Used extensively on the album for guitars but not used in live performance was the Boss Metal Zone featuring a "silicon-driven, two-stage-clipping circuit". Guitarist Mike Sullivan explained the reasons for its use saying "the Metal Zone is one of those pedals that, if you pair it with another gain pedal, it's super-useful. Utilizing a variety of distortion pedals and avoiding fuzz pedals on the album he further stated "there's no bad tone; it's just how you stack these tones together" and "Brian is so fuzzy that it's more advantageous for me to carve my own niche with distortion, and let the fuzz wrap around that." A live performance of songs from the album recorded at the Audiotree studio in Chicago was described as being "difficult to translate how loud this band actually is without standing directly in the room." The album was nominated for the Best Heavy Record category at the 2023 Libera Awards.

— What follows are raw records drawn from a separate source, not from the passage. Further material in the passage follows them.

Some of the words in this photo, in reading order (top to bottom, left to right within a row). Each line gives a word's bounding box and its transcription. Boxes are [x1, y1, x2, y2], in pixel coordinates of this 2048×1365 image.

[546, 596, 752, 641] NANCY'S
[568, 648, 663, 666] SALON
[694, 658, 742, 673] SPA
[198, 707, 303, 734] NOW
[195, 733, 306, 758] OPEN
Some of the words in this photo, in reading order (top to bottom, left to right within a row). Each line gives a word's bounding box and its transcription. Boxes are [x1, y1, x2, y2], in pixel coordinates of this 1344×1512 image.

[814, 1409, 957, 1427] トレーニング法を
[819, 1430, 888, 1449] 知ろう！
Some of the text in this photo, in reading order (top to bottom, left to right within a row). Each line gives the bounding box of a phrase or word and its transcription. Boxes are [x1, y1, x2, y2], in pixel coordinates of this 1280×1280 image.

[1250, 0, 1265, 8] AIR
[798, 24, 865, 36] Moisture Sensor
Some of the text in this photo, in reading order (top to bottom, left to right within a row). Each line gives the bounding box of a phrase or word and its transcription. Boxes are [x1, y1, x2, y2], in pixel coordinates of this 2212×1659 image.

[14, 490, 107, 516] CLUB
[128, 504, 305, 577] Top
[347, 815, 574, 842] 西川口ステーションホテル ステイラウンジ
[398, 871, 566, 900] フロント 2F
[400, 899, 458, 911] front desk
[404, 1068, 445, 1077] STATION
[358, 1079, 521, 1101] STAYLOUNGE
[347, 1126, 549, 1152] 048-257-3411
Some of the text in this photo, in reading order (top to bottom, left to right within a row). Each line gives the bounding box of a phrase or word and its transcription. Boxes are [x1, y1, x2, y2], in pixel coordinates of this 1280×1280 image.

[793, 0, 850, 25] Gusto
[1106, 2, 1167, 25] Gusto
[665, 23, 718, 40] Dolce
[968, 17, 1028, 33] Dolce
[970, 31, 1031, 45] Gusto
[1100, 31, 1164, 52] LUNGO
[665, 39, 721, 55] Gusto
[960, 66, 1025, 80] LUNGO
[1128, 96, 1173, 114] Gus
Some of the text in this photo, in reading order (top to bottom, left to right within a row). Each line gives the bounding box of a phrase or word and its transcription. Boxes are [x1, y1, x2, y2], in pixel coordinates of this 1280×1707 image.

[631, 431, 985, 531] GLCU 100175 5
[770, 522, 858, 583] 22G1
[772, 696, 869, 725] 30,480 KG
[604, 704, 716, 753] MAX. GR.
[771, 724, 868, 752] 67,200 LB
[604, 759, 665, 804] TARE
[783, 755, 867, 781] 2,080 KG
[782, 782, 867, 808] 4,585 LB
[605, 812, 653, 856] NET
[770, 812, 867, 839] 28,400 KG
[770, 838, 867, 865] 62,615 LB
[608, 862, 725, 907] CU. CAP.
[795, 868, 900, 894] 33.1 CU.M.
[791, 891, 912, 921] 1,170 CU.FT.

==Gear theft and recovery incident==
A drastic shift in the bands overall sound and recording tones occurred in 2021 while on tour with System of a Down and Korn in between recording dates for the album at a stopover in Chowchilla, California when their equipment was stolen. In spite of this a review of their performance said "despite having just had $100,000 worth of gear stolen Sunday night from their U-Haul in Chowchilla, Russian Circles still showed up and played a 20-minute set filled with powerful instrumentation. They were reunited with most of it in 2024 excluding a Moog Taurus model 3 synth that had custom non-reproduceable from memory presets that was used to record tracks for the album. This was the result of a police investigation and an eventual drug bust resulting in the location of the missing instruments which were then held as evidence. The band used music equipment donated and borrowed from fellow musicians, instrument companies, and fan fund raising movements. This included amps from Hiwatt which became the touring rig consisting of two DR-103 heads, 4x12 cabinets, and a DR-50 combo amp. Discussing the purpose of the setup Sullivan said, "the two heads and cabs are stereo right and left and the combo is run with its own mic". Dunable Gnarwhal model guitars were provided by members of the Chelsea Wolfe band. Electrical Guitar Company built a replacement aluminium bass as previously used by Cook
constructed with "available parts" that they had for use at the time.

==Promotion==
The first single from the album for "Conduit" was released on June 16, 2022. The second single
from the album was released on August 10, 2022, for "Betrayal". The band also released their first official music video for the title track "Gnosis" which was also simultaneously released as the third single on August 10, 2022. Directed by Joe Kell they wanted to create something with "cinematic footage of nature and humanity" with the goal to "compel viewers to rewatch the video and get something new from each viewing."

==Reception==

The album received positive reviews including Metal Hammer noting the album beginning with songs of "massive riffs"
and Kurt Ballous production in which the instruments were clearly heard individually.
Pitchfork scoped out the track "Ó Braonáin" as a "100 second lullaby" and "guitar music
for the gloaming". Sullivan shared in an interview that this was one of the tracks using the Celtic music influenced DADGAD tuning which would feature an "open, resonating string to be a reference note for the notes to either sound consonant, or dissonant, or rub in a gnarly way." The tuning features chord shapes that can be played in different positions while retaining open strings that provide drones that standard tunings do not have. They contrasted this with the track "Vlastimil" composed of a combination of Thrash metal and Black metal. This resulted from the band's first use of a B standard tuning.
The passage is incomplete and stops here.